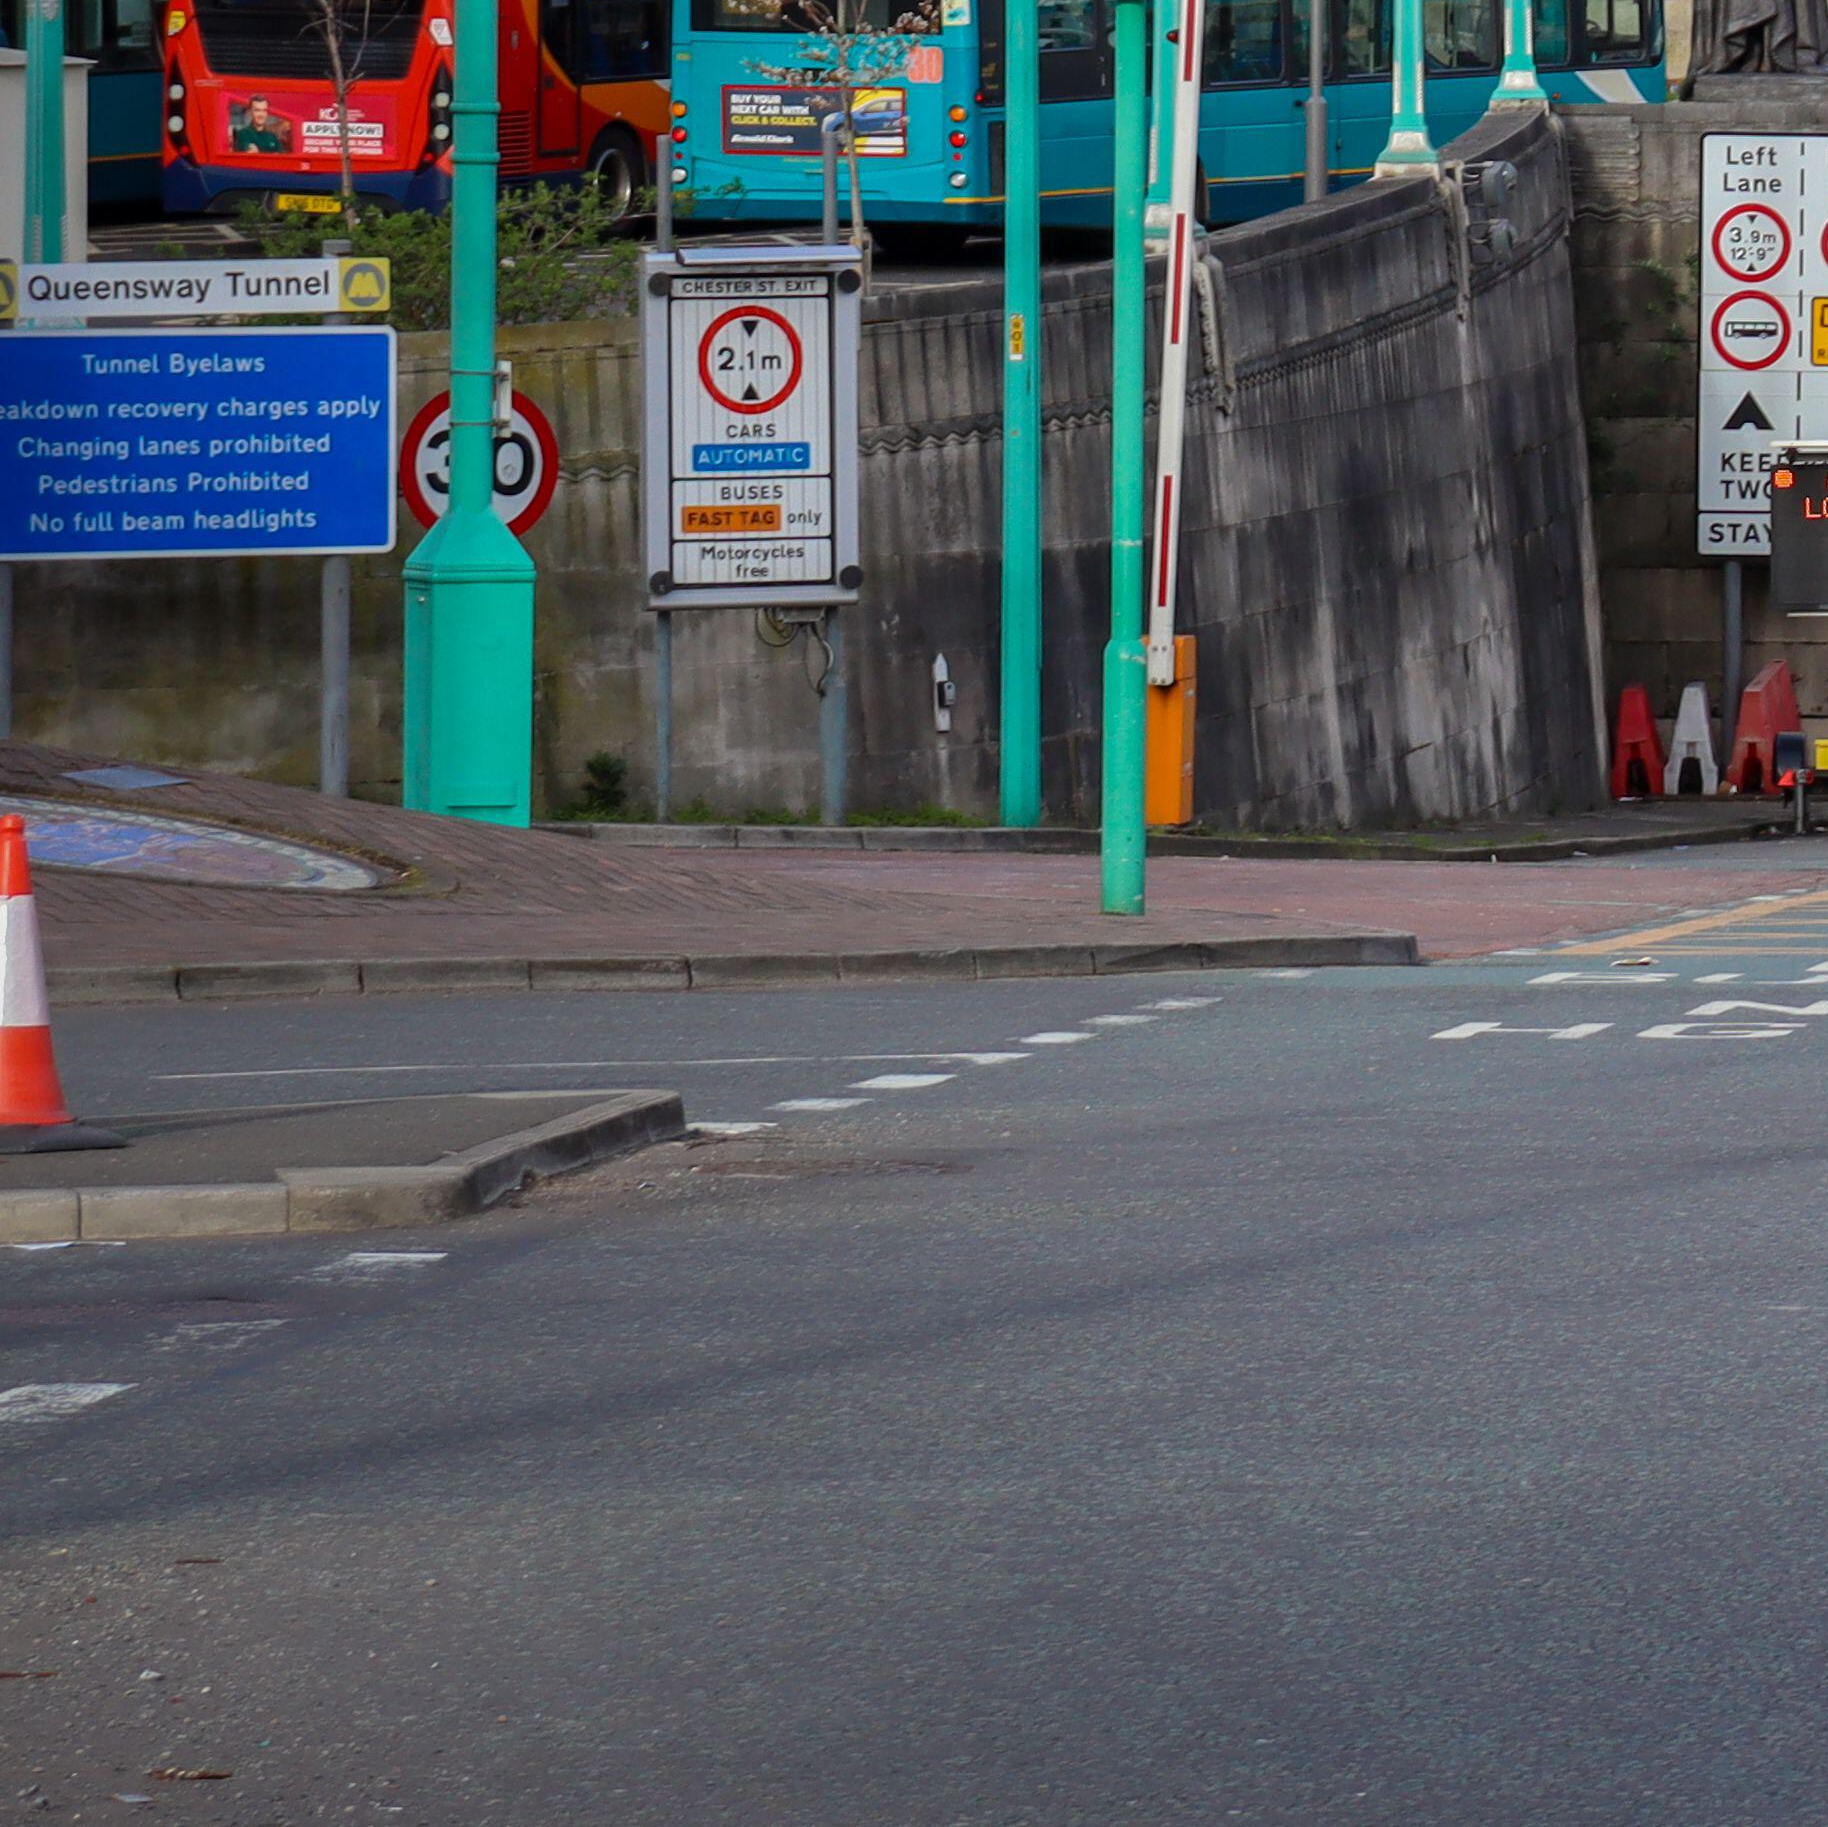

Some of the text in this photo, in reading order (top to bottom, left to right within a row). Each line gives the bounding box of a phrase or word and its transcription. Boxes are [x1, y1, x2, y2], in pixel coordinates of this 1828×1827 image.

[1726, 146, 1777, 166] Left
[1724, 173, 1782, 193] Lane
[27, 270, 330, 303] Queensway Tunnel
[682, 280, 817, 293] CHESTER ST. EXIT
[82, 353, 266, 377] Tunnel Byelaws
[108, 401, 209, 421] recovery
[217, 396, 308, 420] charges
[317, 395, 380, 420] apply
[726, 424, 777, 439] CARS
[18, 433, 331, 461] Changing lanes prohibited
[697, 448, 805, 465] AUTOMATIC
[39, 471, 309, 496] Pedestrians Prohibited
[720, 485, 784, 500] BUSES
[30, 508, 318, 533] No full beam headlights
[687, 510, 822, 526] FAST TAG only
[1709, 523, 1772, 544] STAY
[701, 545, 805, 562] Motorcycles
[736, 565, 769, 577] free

Your goal: Copy out the listing exactly as it stands, but not the pictures.

Result for this exercise:
Some of the text in this photo, in reading order (top to bottom, left to right within a row). Each line gives the bounding box of a phrase or word and its transcription. Boxes are [x1, y1, x2, y2], in pixel coordinates of this 1828×1827 image.

[1726, 146, 1777, 166] Left
[1724, 173, 1782, 193] Lane
[27, 270, 330, 303] Queensway Tunnel
[682, 280, 817, 293] CHESTER ST. EXIT
[82, 353, 266, 377] Tunnel Byelaws
[108, 401, 209, 421] recovery
[217, 396, 308, 420] charges
[317, 395, 380, 420] apply
[726, 424, 777, 439] CARS
[18, 433, 331, 461] Changing lanes prohibited
[697, 448, 805, 465] AUTOMATIC
[39, 471, 309, 496] Pedestrians Prohibited
[720, 485, 784, 500] BUSES
[30, 508, 318, 533] No full beam headlights
[687, 510, 822, 526] FAST TAG only
[1709, 523, 1772, 544] STAY
[701, 545, 805, 562] Motorcycles
[736, 565, 769, 577] free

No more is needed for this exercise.